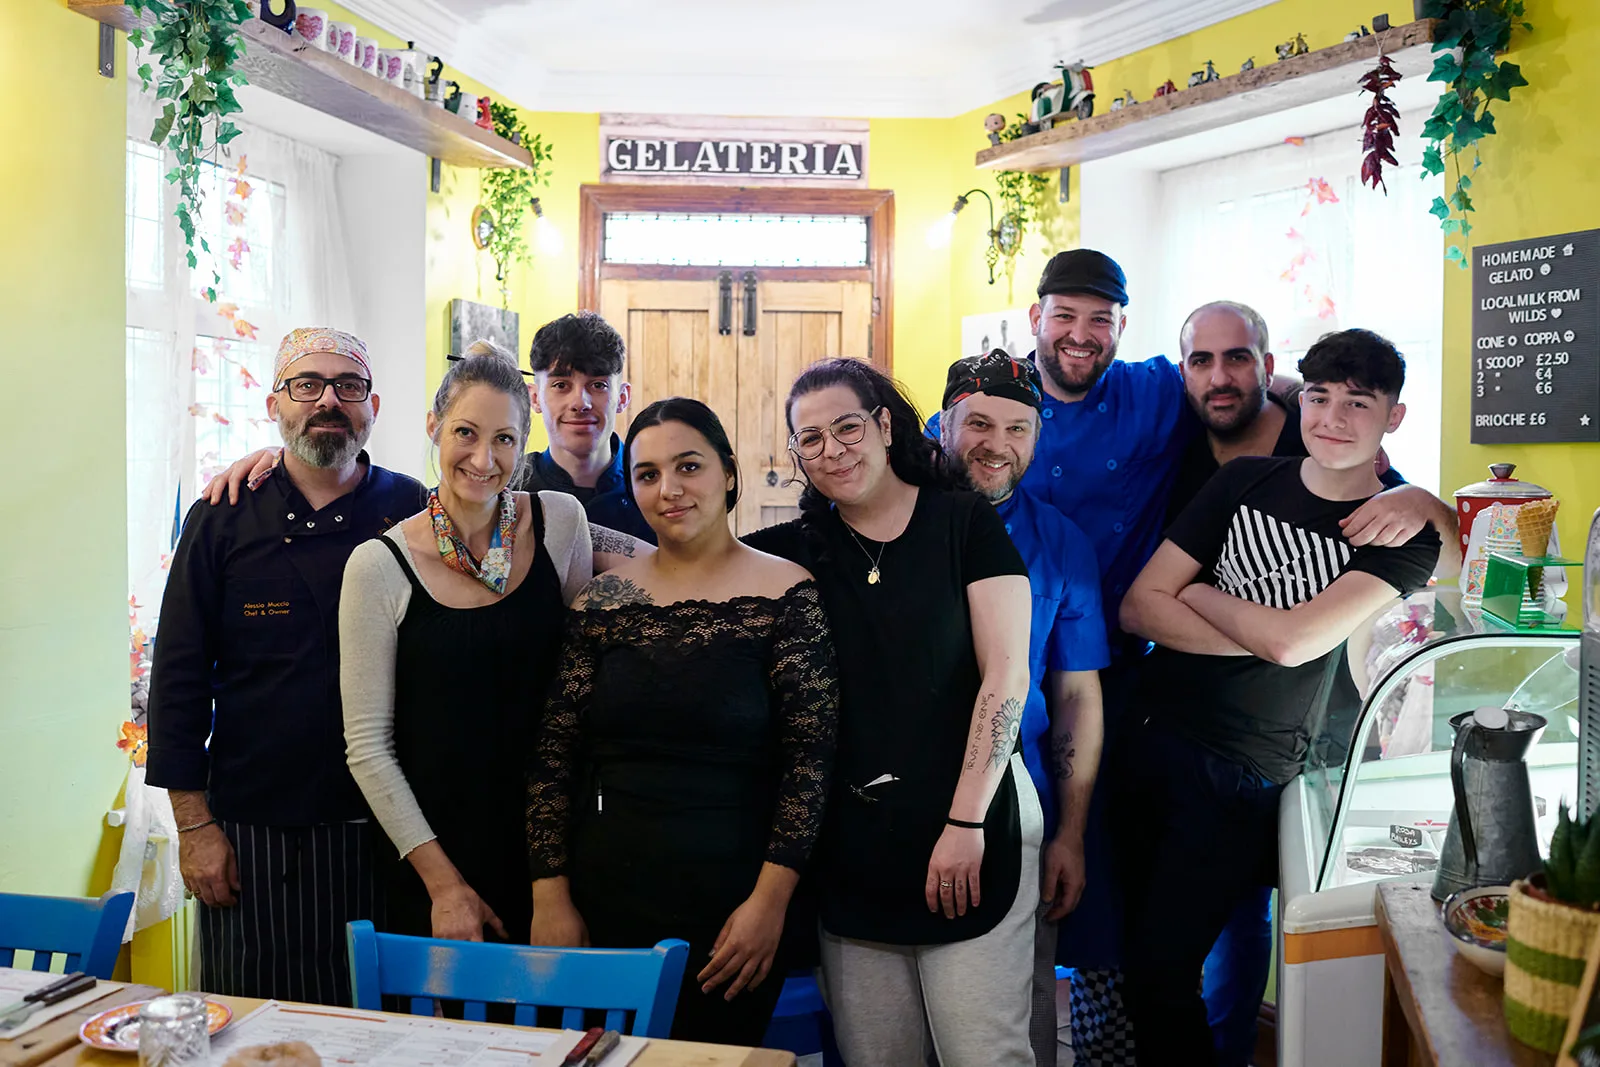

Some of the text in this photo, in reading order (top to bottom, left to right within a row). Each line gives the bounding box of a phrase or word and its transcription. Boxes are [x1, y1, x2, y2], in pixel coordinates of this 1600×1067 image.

[608, 139, 861, 175] GELATERIA
[1482, 246, 1556, 268] HOMEMADE
[1489, 268, 1533, 284] GELATO
[1481, 288, 1580, 311] LOCAL MILK FROM
[1508, 308, 1547, 324] WILDS
[1477, 336, 1504, 349] CONE
[1524, 331, 1561, 346] COPPA
[1477, 352, 1569, 370] 1 SCOOP £2.50
[1477, 371, 1484, 384] 2
[1477, 385, 1484, 397] 3
[1475, 413, 1546, 427] BRIOCHE £6

§ **What is required**
Return the material exactly as given, apart from the pictures.

§ **Result of this exercise**
Some of the text in this photo, in reading order (top to bottom, left to right within a row). Each line gives the bounding box of a phrase or word and its transcription. Boxes are [x1, y1, x2, y2], in pixel coordinates of this 1600×1067 image.

[608, 139, 861, 175] GELATERIA
[1482, 246, 1556, 268] HOMEMADE
[1489, 268, 1533, 284] GELATO
[1481, 288, 1580, 311] LOCAL MILK FROM
[1508, 308, 1547, 324] WILDS
[1477, 336, 1504, 349] CONE
[1524, 331, 1561, 346] COPPA
[1477, 352, 1569, 370] 1 SCOOP £2.50
[1477, 371, 1484, 384] 2
[1477, 385, 1484, 397] 3
[1475, 413, 1546, 427] BRIOCHE £6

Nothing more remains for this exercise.